Литмир - Электронная Библиотека
Содержание  
A
A

Это роман о закольцованности бытия, о взаимосвязи всех со всеми, но и о неразрывности истории, так что автор по кругу повторяет патриотичные заклинания: «Все распалось, разрушилось… Осталась лишь таинственная связь между ним, моим дедушкой, и его предками, и его будущими потомками, историческая судьба которых заключалась в боевом служении России».

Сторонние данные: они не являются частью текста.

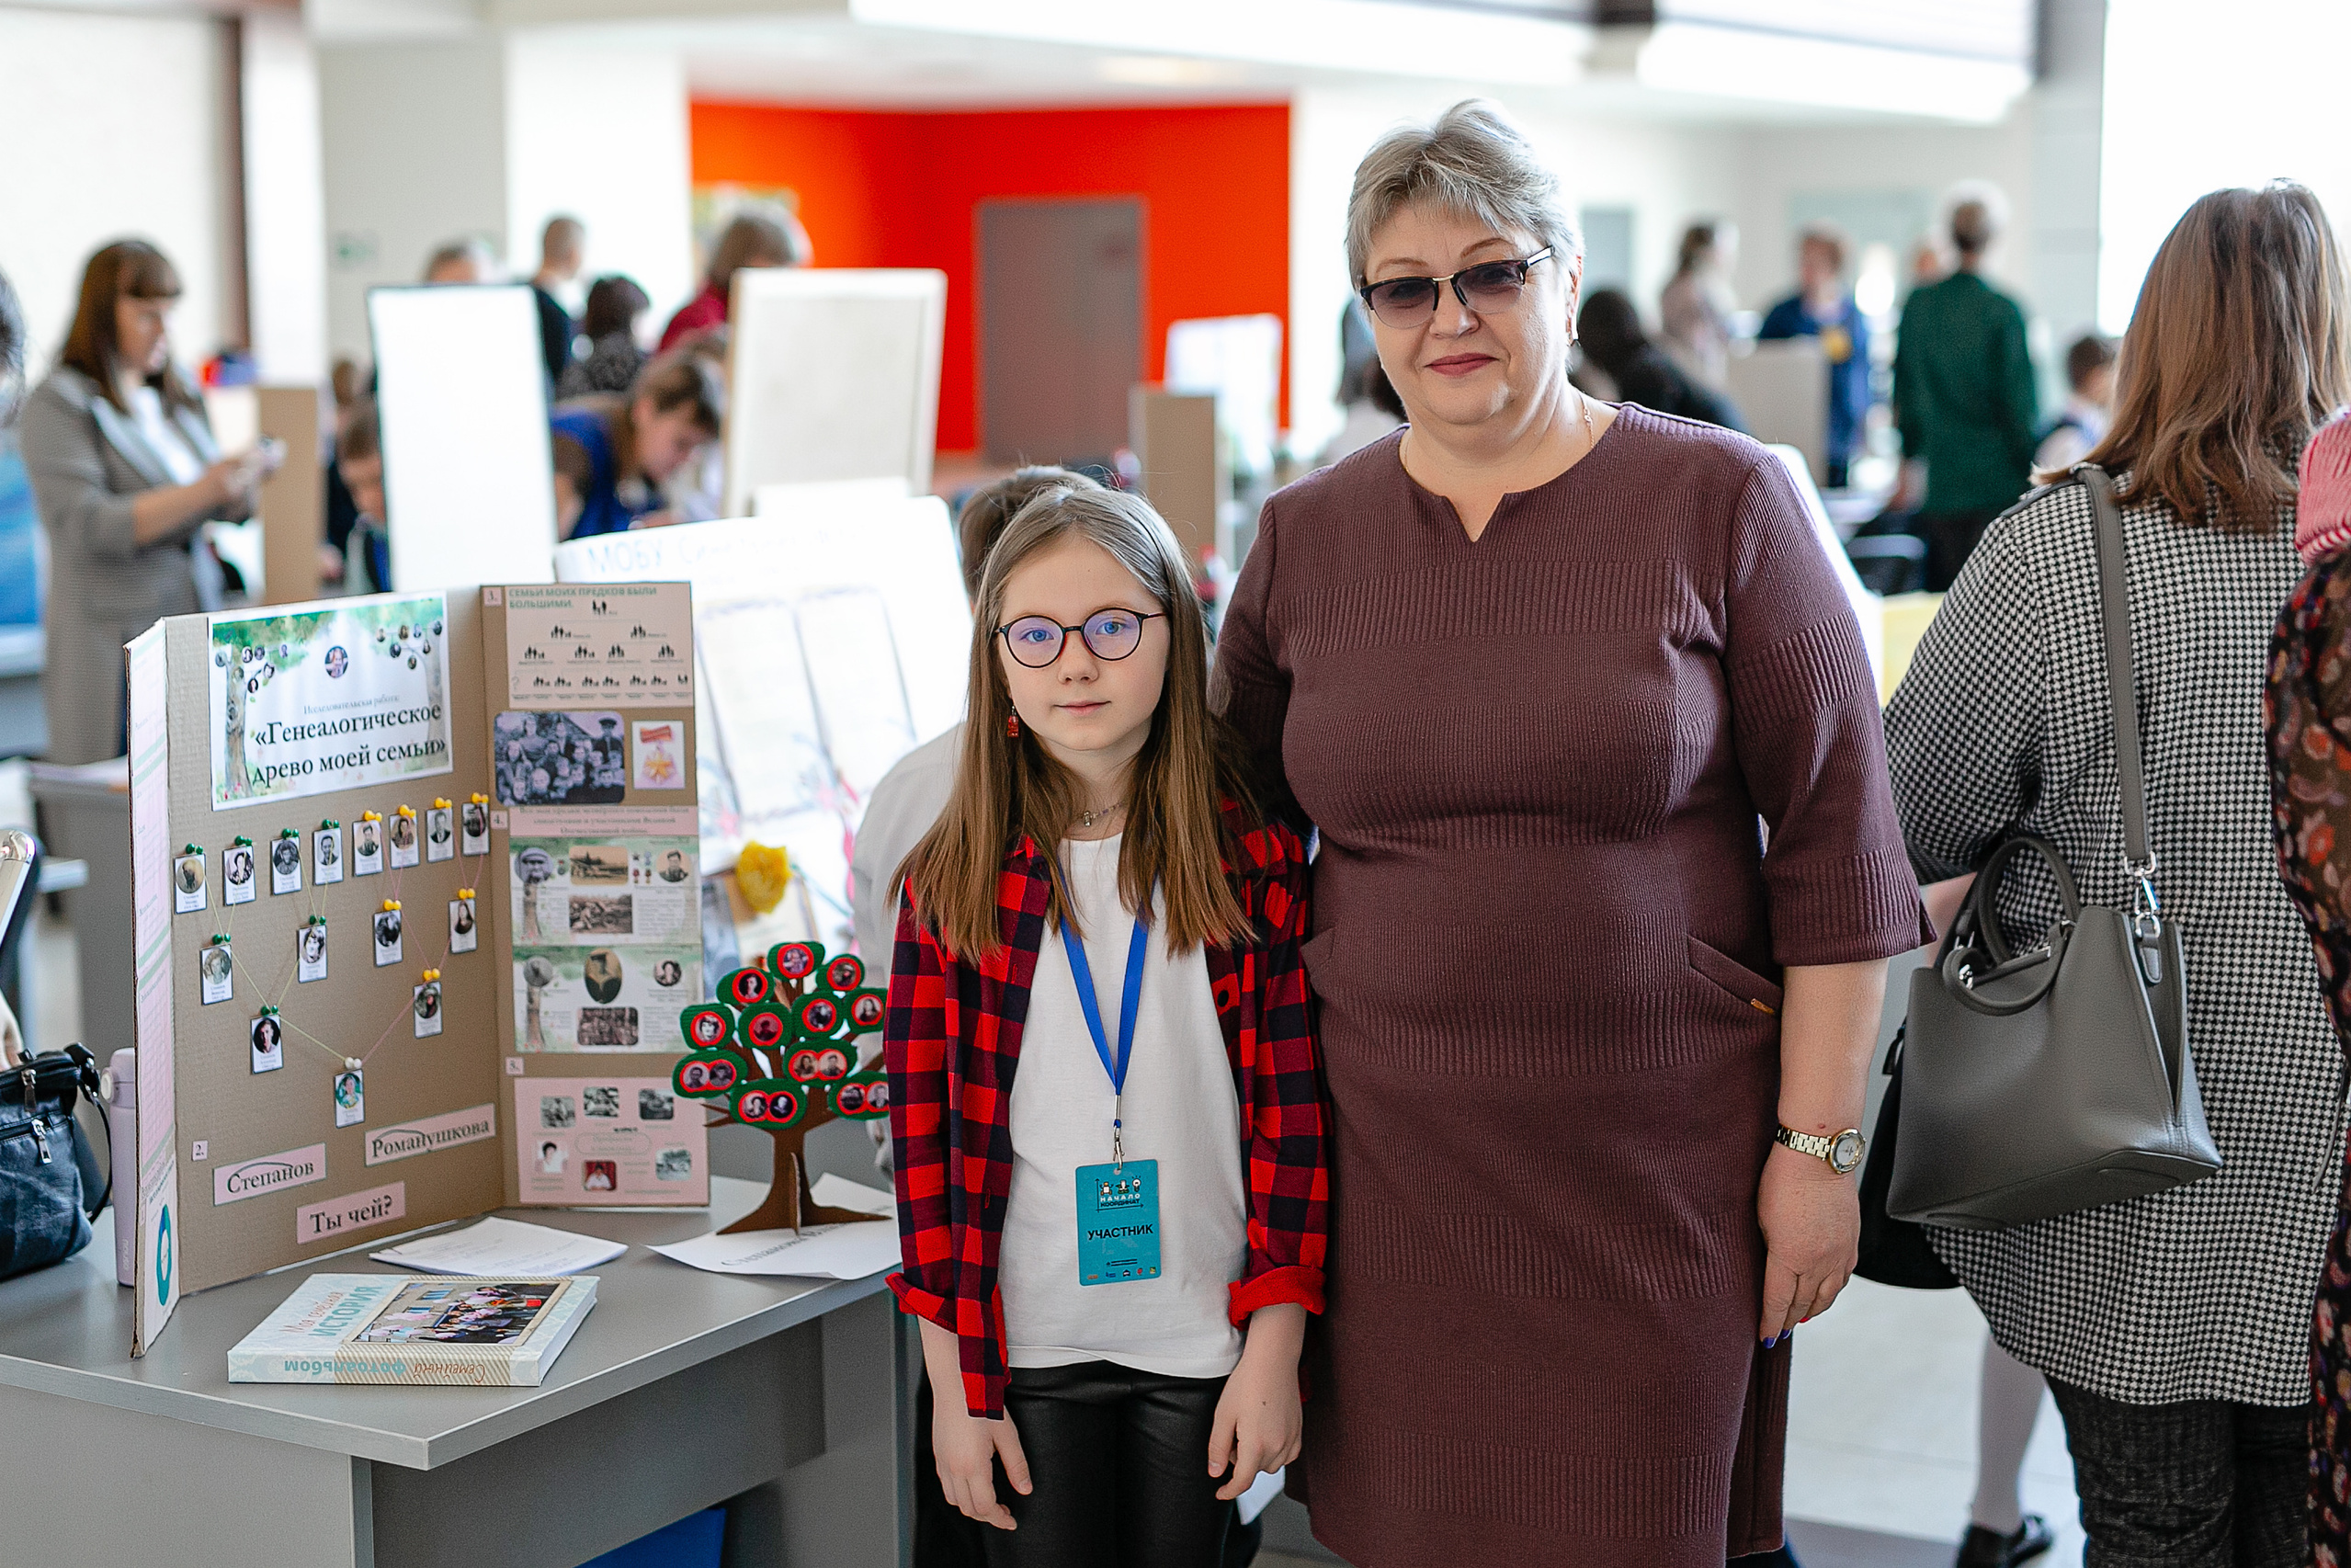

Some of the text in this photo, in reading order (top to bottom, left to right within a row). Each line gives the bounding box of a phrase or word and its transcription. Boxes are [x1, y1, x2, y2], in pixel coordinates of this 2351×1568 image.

[508, 586, 657, 597] СЕМЬИ МОИХ ПРЕДКОВ БЫЛИ
[508, 599, 574, 609] БОЛЬШИМИ.
[255, 704, 442, 745] «Генеалогическое
[253, 737, 447, 789] древо моей семьи»
[371, 1119, 490, 1158] Романушкова
[226, 1162, 314, 1194] Степанов
[1100, 1193, 1141, 1202] НАЧАЛО
[1100, 1199, 1141, 1208] КООРДИНАТ
[309, 1195, 393, 1233] Ты чей?
[1087, 1223, 1154, 1241] УЧАСТНИК
[308, 1286, 383, 1336] ИСТОРИЯ
[284, 1358, 486, 1383] Семейный фотоальбом

Есть и амурные забавы, и сожаления по поводу свирепости армейских нравов и самодурства начальства, и женитьба деда на племяннице полкового адъютанта Марии Ивановой, и рождение пятерых дочерей, и отношения с сослуживцами, двое из которых (Горбоконь и Кульчицкий) застрелились из одного пистолета, но суть все-таки проста: служение отечеству верой и правдой.

Иван Бачей, вспоминая начальные волнения и террор народовольцев, записывает: «Не дай Бог дожить еще до такого времени…» И дневник обрывается — пустые страницы. «Возможно, что именно в этот миг и настигла дедушку смерть от удара… Зарево надвигающейся революции уже стояло над Россией. Для дедушки это было неожиданным открытием, и он ужаснулся… Красно-черные клиновидные молнии взрыва пронзили дедушкин мозг и погасили его сознание».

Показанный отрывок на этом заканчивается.